O, that this too too sullied flesh would melt,
Thaw and resolve itself into a dew,
Or that the Everlasting had not fixed
His canon 'gainst self-slaughter! O God, God,
How weary, stale, flat, and unprofitable
Seem to me all the uses of this world!
We start off with a bang. Or, considering that this is Hamlet we're talking about, maybe more like a whimper: he's moaning about how depressed he is over his father's death and mom's remarriage, and wishing that his "flesh" would "melt"—i.e., that he'd die.
History Snack! Elizabethans believed the human body was made up of four basic elements, called humors: phlegm, blood, yellow bile, and black bile. Hamlet seems to be suffering from what Elizabethans referred to as "melancholy," which was associated with too much "black bile" in the body. This state led to lethargy, irritability, distorted imagination, and so on. Basically, it sounds a lot like what we call "clinical depression" today. But since this is 1600 rather than the 21st century, he can't just take some Abilify; he has to plot (and delay) a murderous revenge.

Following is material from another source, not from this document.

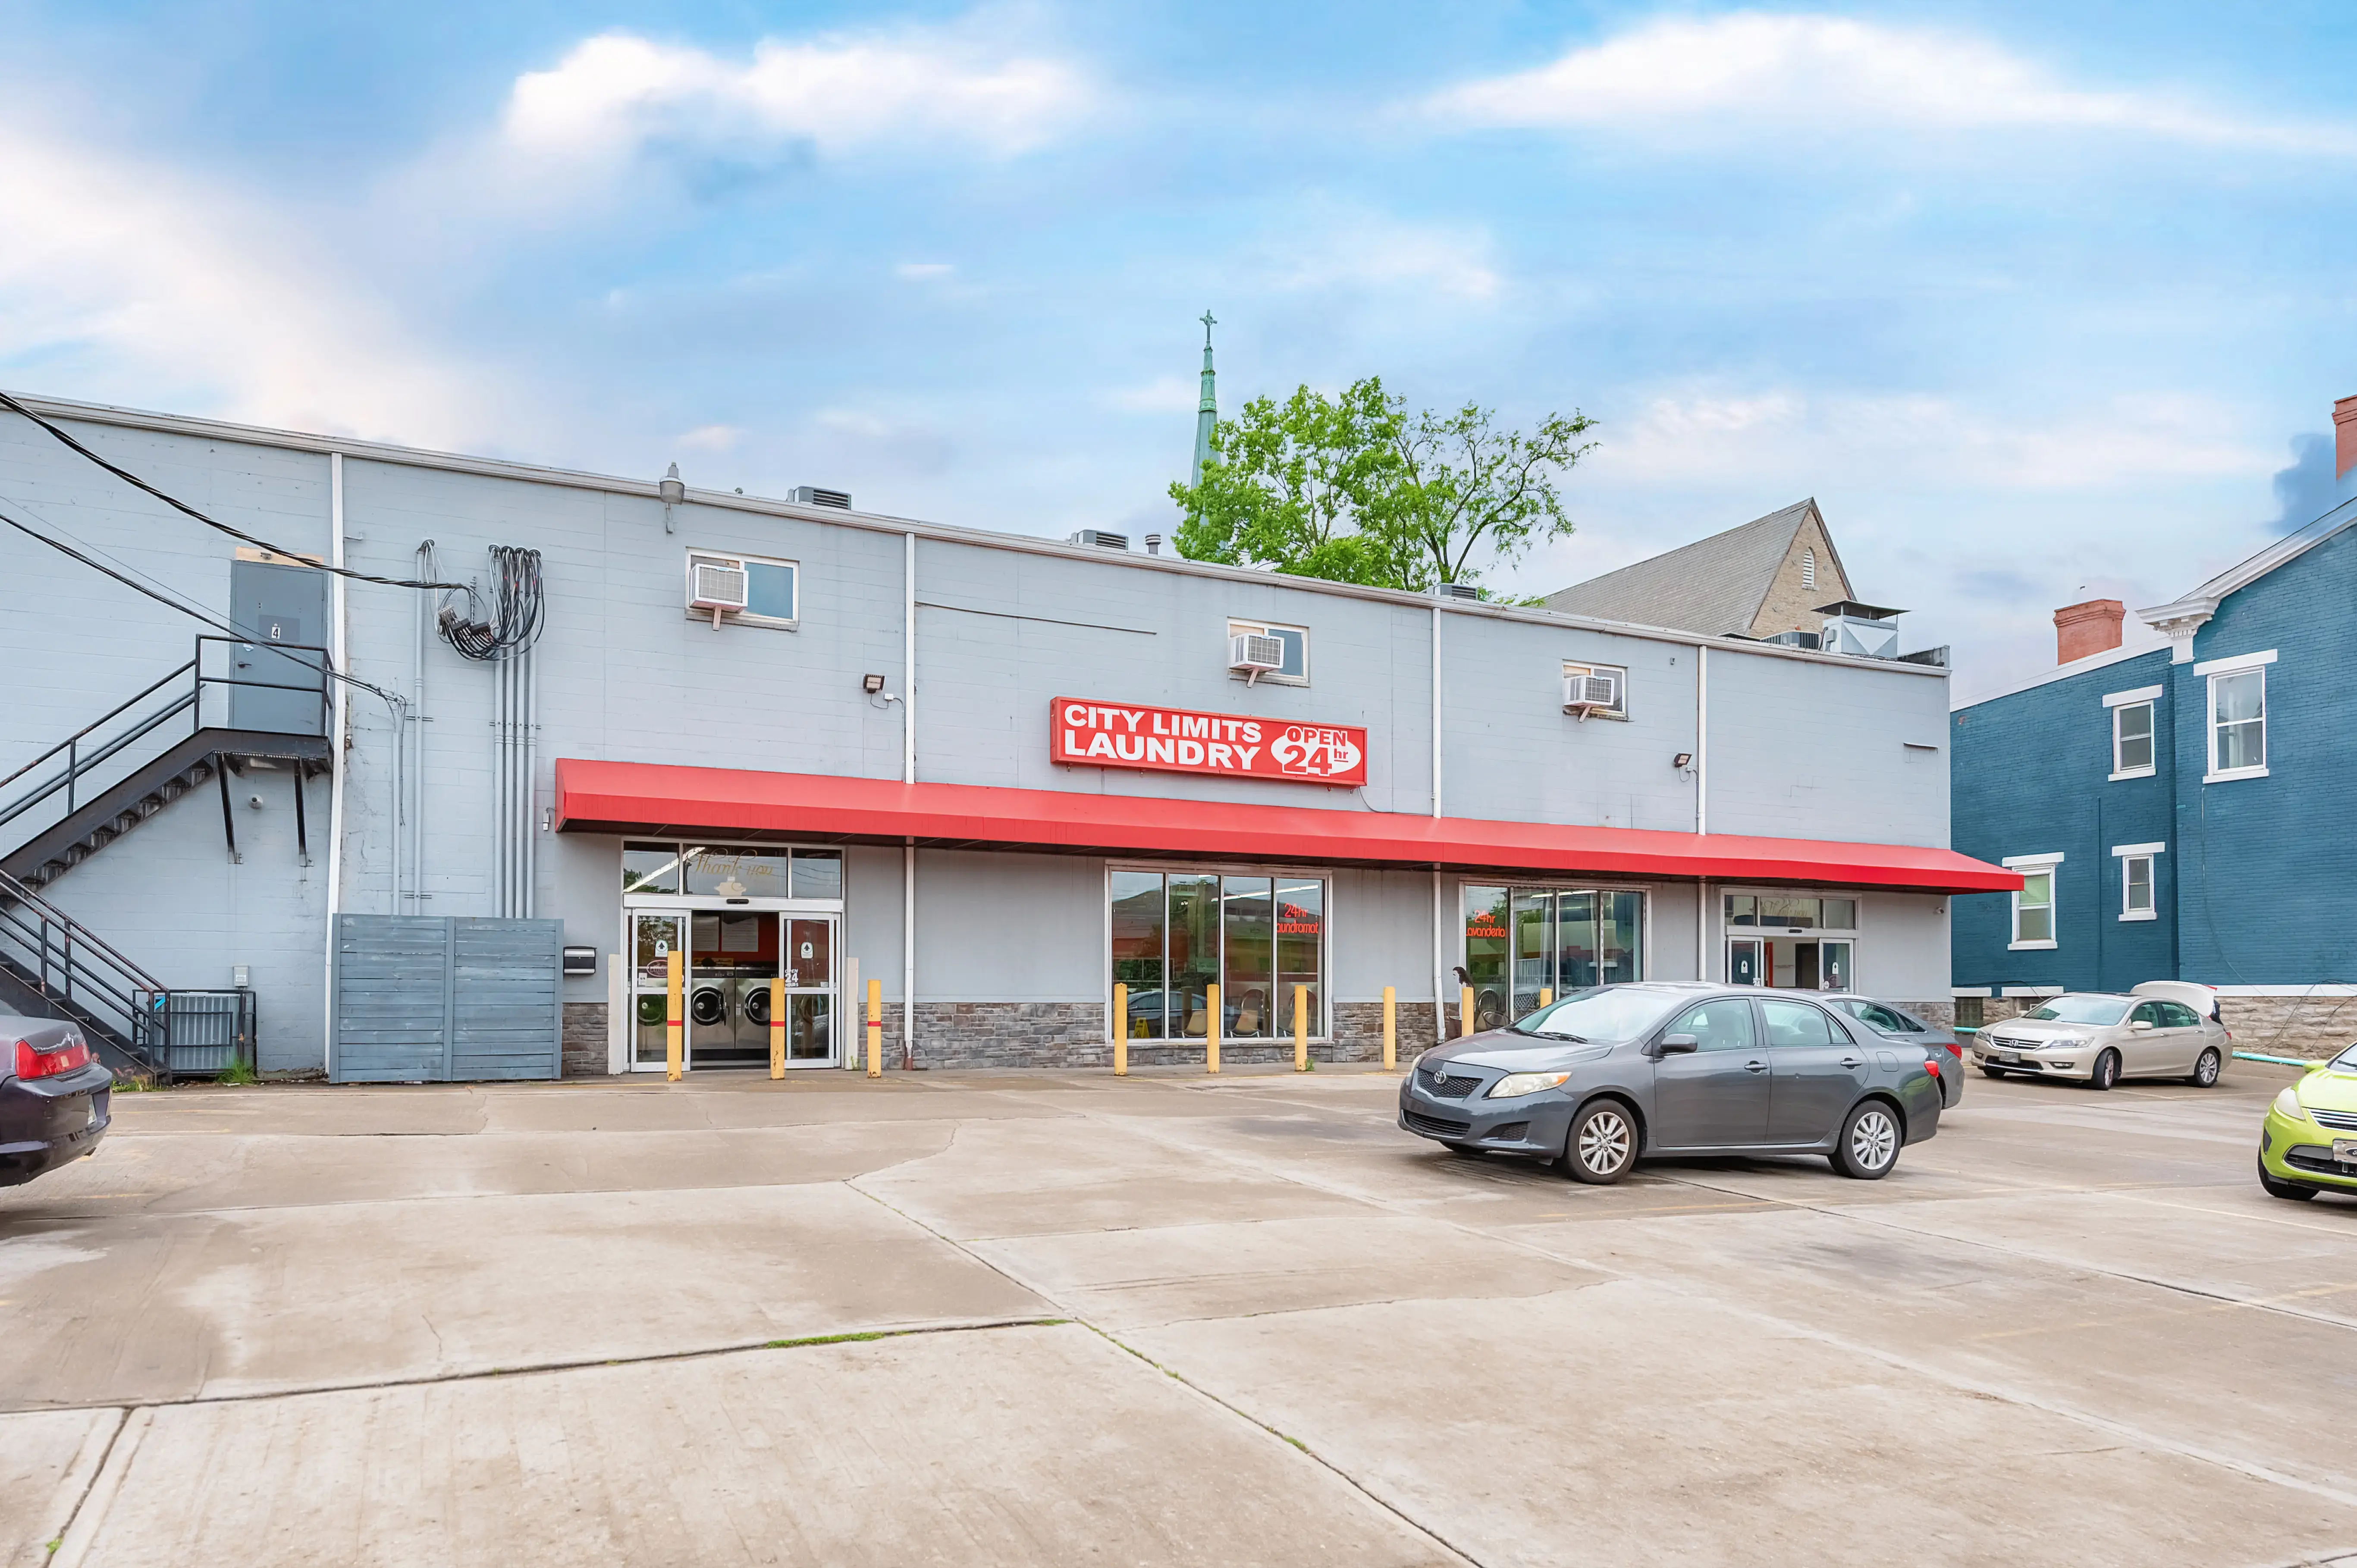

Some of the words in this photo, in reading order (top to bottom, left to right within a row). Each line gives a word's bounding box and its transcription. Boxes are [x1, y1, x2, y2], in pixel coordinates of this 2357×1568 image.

Textual Note: Some modern editions of the play read "sullied flesh" instead of "solid flesh." This is because the first folio (published 1623) edition of the play (which reads "solid") is slightly different than the first quarto (published 1603) edition, which reads "sallied." Modern editors who prefer the first quarto reading update the word "sallied" to "sullied," as in "stained." Does it matter? Sure it does. Some editors and literary critics prefer "sullied" flesh because it suggests that Hamlet feels that he personally has been soiled, stained, or contaminated by his mother's incestuous relationship with his murderous uncle. Given how he seems to feel about sex, we'd buy that.